The sticks themselves are just an extensible pole with a clip that can be adjusted to hold most cellular phones, no radio at all.
They commonly come with a little bluetooth remote that can be used to activate the camera. It's not using any frequency that any other bluetooth device wouldn't, and would be less bandwidth than - for example - some bluetooth headphones running AD2P streaming.
the irony is that bluetooth is a more open way to interface hardware to software running on iOS than the fricking port on the bottom of the device. if apple didn't wall-off access to that port then we wouldn't need to be using microwave radio to send an electrical signal 5 cm.

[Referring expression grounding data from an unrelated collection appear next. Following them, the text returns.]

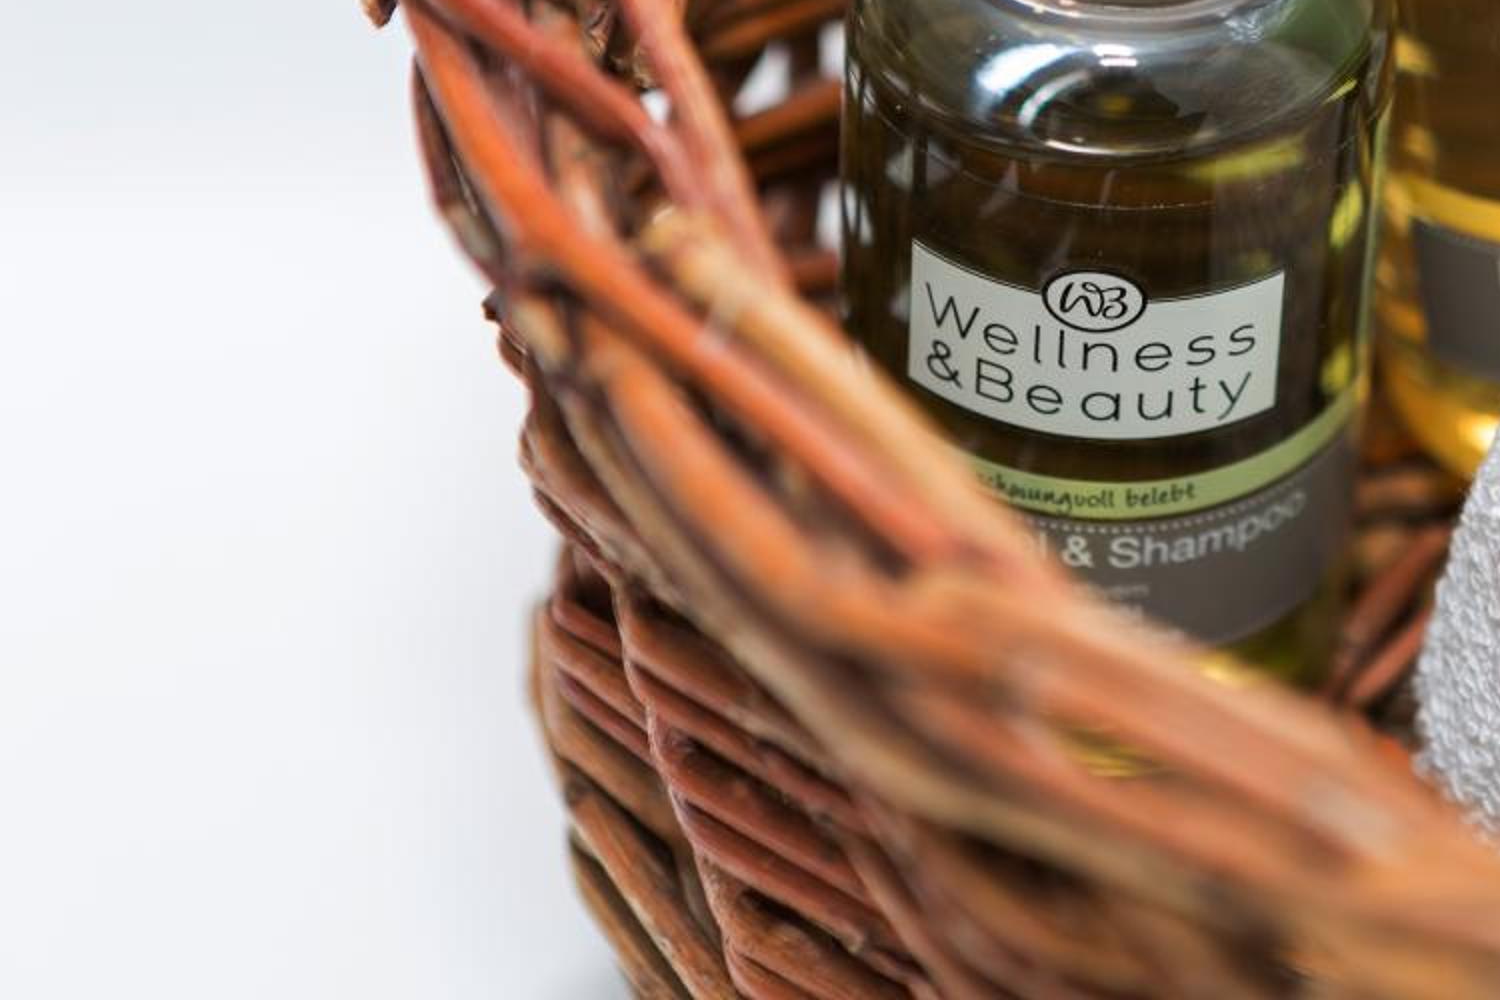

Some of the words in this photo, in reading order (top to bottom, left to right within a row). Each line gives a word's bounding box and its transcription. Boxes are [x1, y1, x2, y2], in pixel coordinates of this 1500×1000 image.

[925, 281, 1257, 372] Wellness
[1061, 534, 1094, 569] &
[1108, 491, 1307, 569] Shampoo
[1125, 482, 1197, 508] belebt
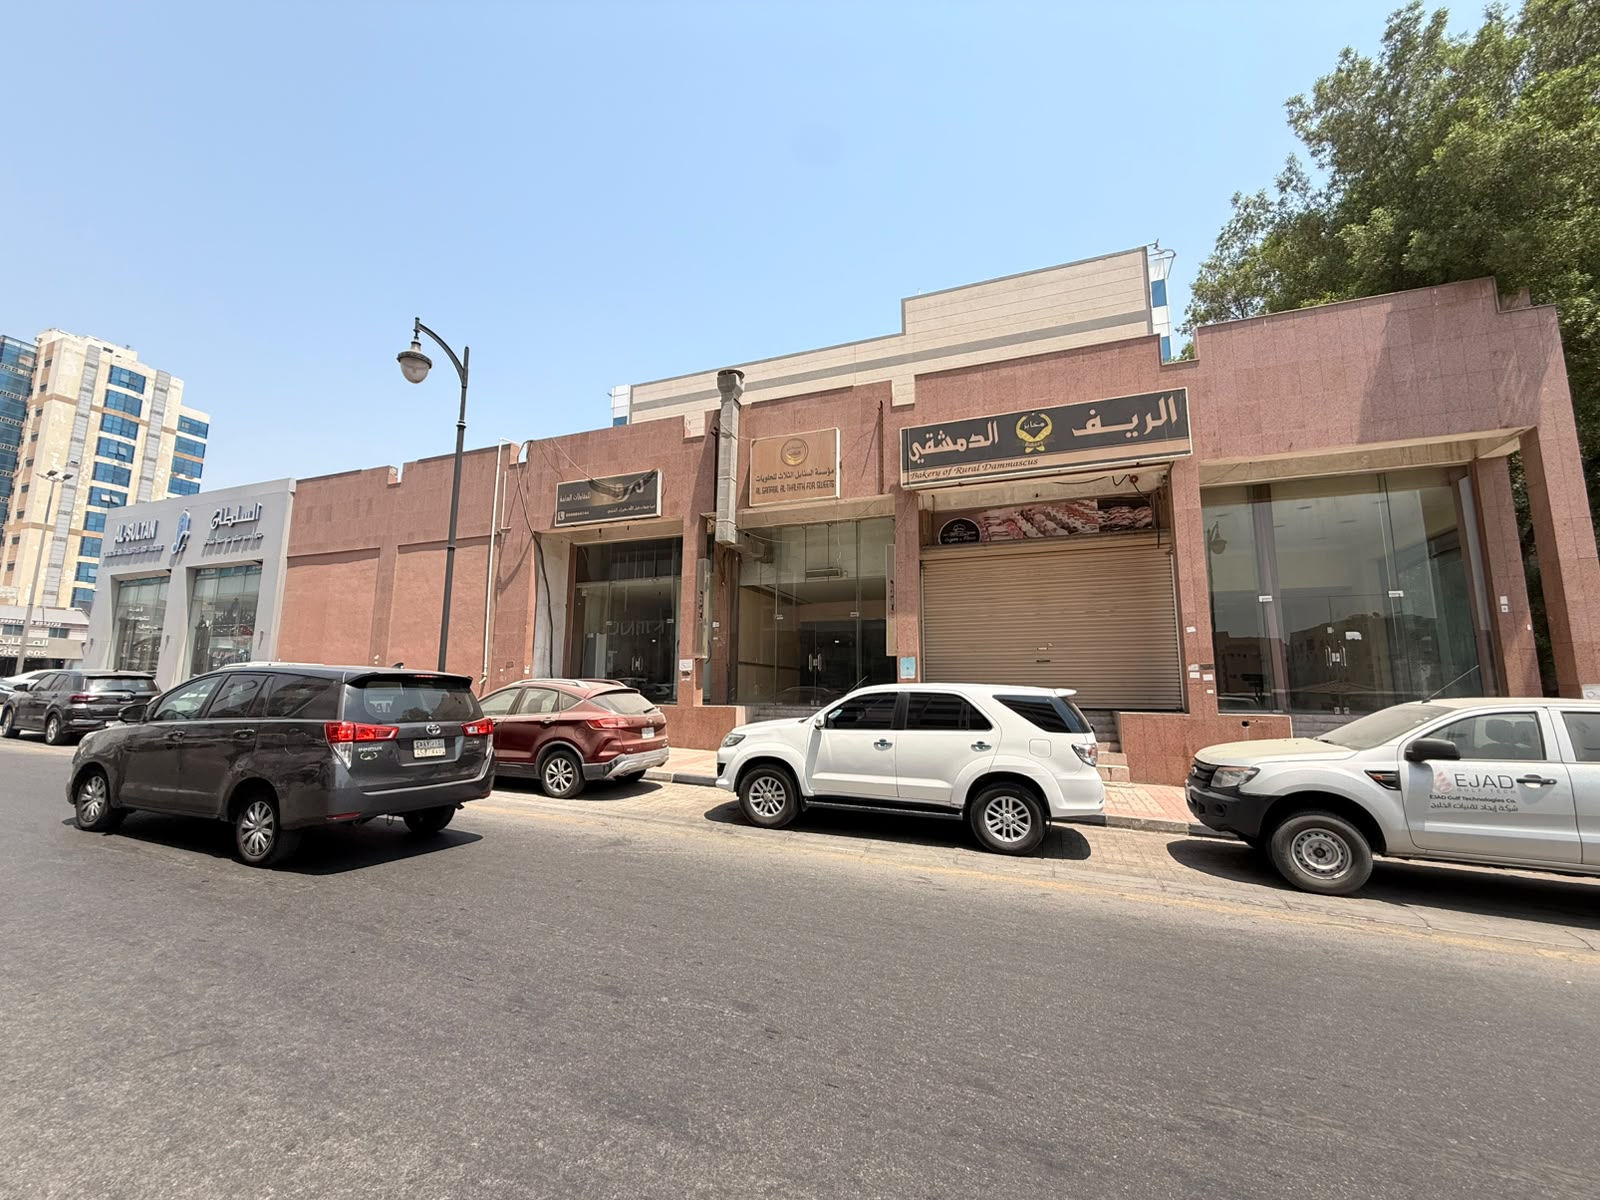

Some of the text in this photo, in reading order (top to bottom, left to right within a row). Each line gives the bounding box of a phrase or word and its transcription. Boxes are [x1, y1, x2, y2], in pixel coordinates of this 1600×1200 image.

[1072, 395, 1178, 438] الريف
[908, 420, 999, 464] الدمشقي
[815, 466, 834, 477] مؤسسة
[910, 458, 1039, 480] Bakery of Rural Dammascus
[806, 481, 816, 490] FOR
[816, 479, 834, 489] SWEETS
[114, 519, 157, 543] AL-SULTAN
[1454, 773, 1514, 789] EJAD
[1462, 795, 1505, 803] Technologies
[1498, 804, 1519, 812] شركة
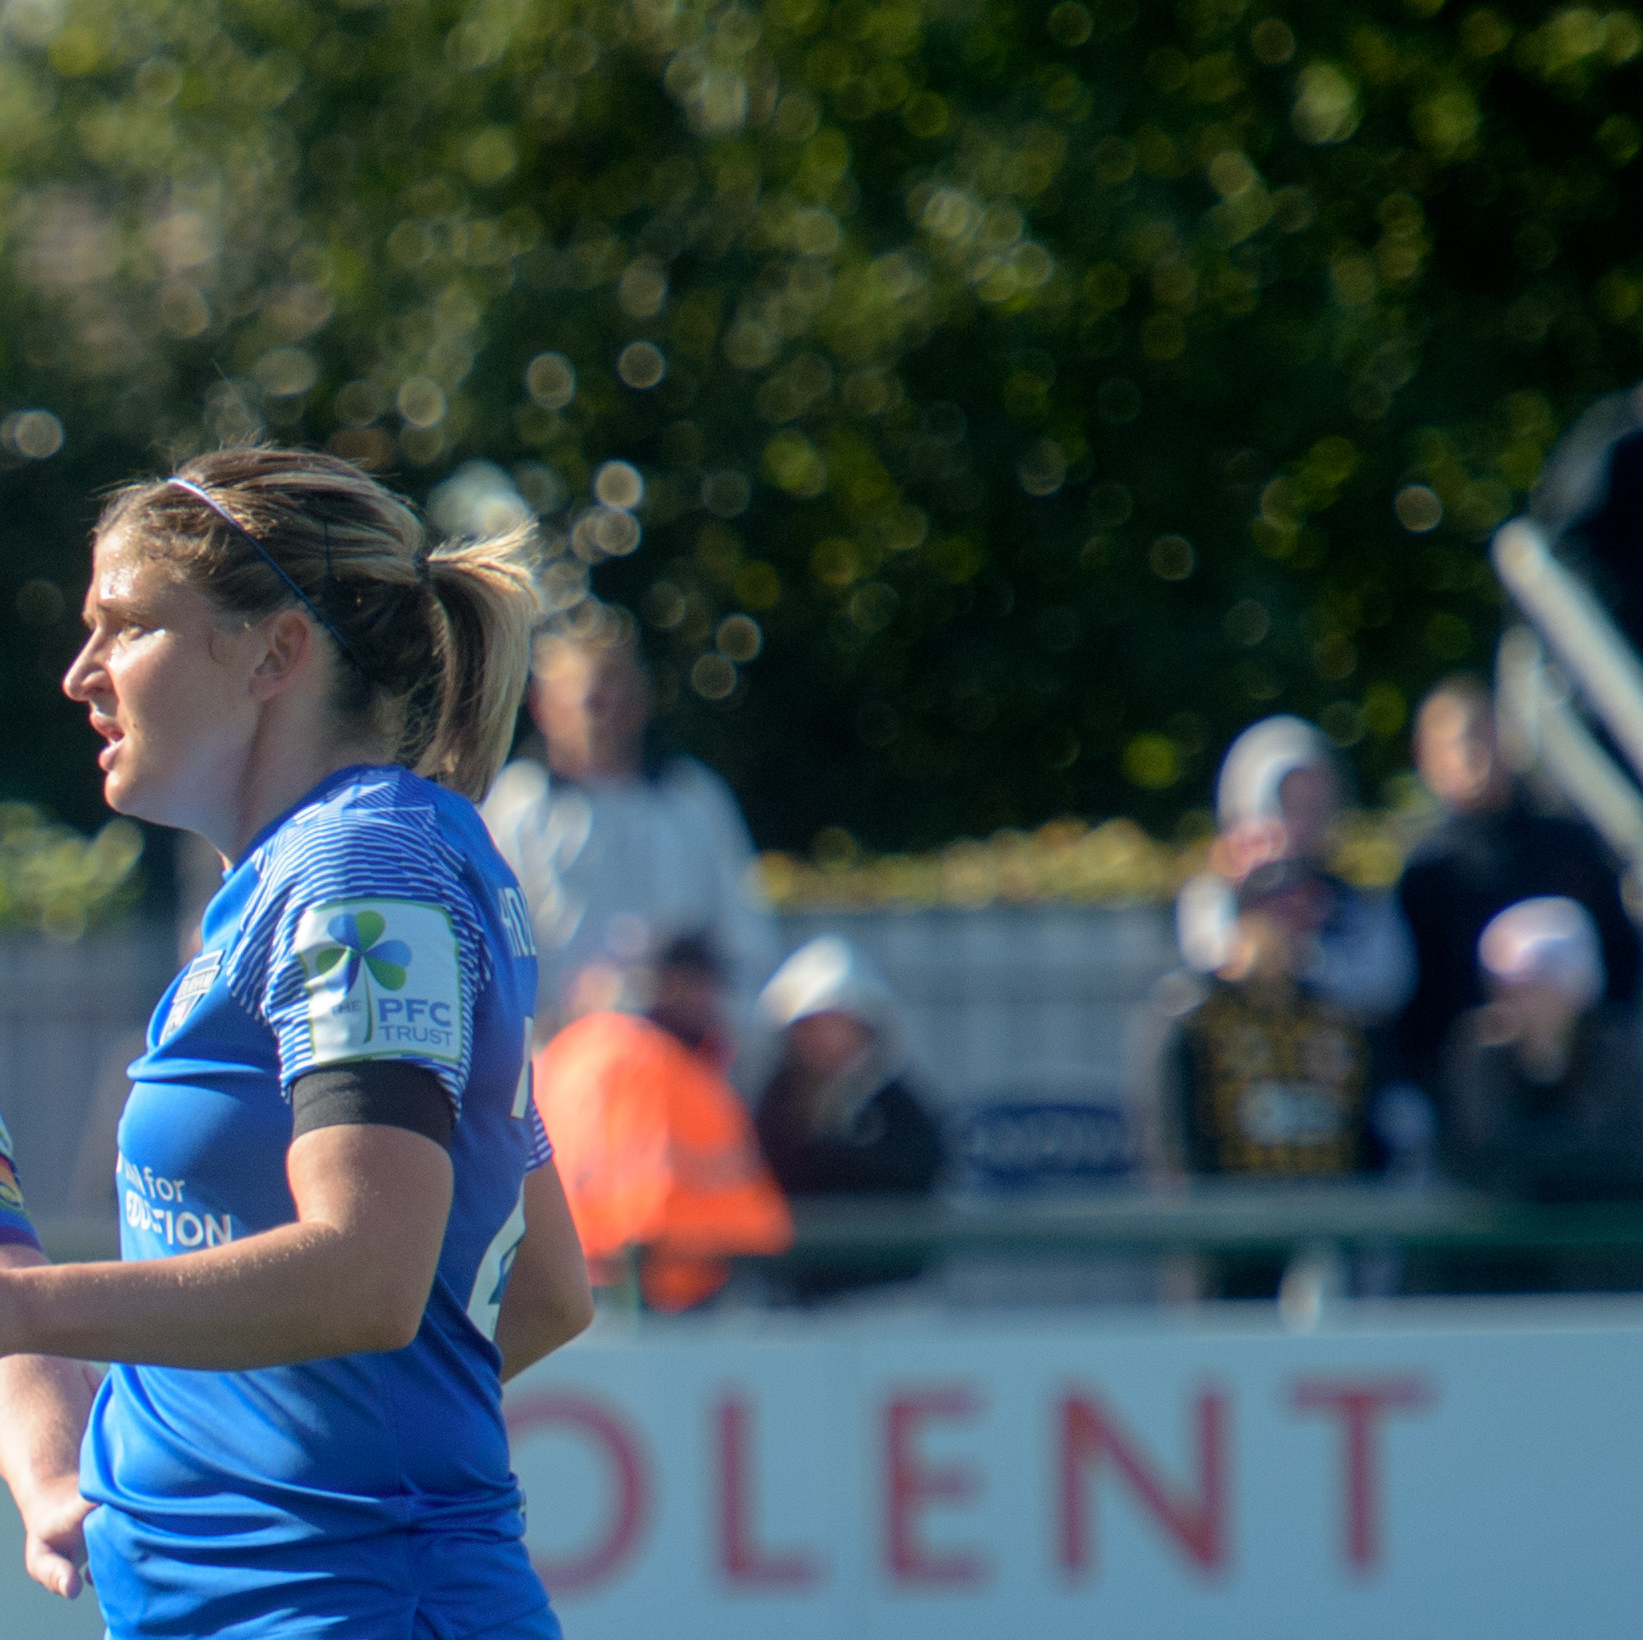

I didn't even know this was a thing until today. I feel old.
Narcisstick...
the government is out there looking out for us.
"Fucking waste of money"
I understand the motivation behind this, but the proliferation of cheap chips and the rise of the kitchen table chip hacker is putting paid to any particular organization attempting to control what happens to chips that anyone can buy damned near anywhere. They might find and close some small shops, but ultimately, I believe that they are only participating an expensive form of mental masturbation.
There are millions and millions of teens and 20-somethings creating demand for this item. The SK gov't is surely lacking in aggregate mental power if they have concluded that it would be possible to stop the production of the sticks in Korea, or anywhere else for that matter, or to stop their import in shirt pockets and purses, let alone bulk imports from container ships.
Korea will have less success stopping selfie sticks than any country has ever had at stopping people from smoking a weed that grows _everywhere_ except the arctic tundra and Antarctica.
Korea: Be rational, spend the money on something useful, not a meaningless crusade.
Selfie-Sticks==Drugs for narcissistic kids.
Selfies taken with front-facing cameras let you aim the camera for exactly the angle you want, as opposed to setting the timer and guessing. The catch, of course, is that you're limited by the length of your arm, and by having your arm in the picture unless you want the camera really close, so selfie-sticks give you more compositional flexibility. They're still annoying, of course, but if you want your picture in front of Mt. Rushmore, you want it.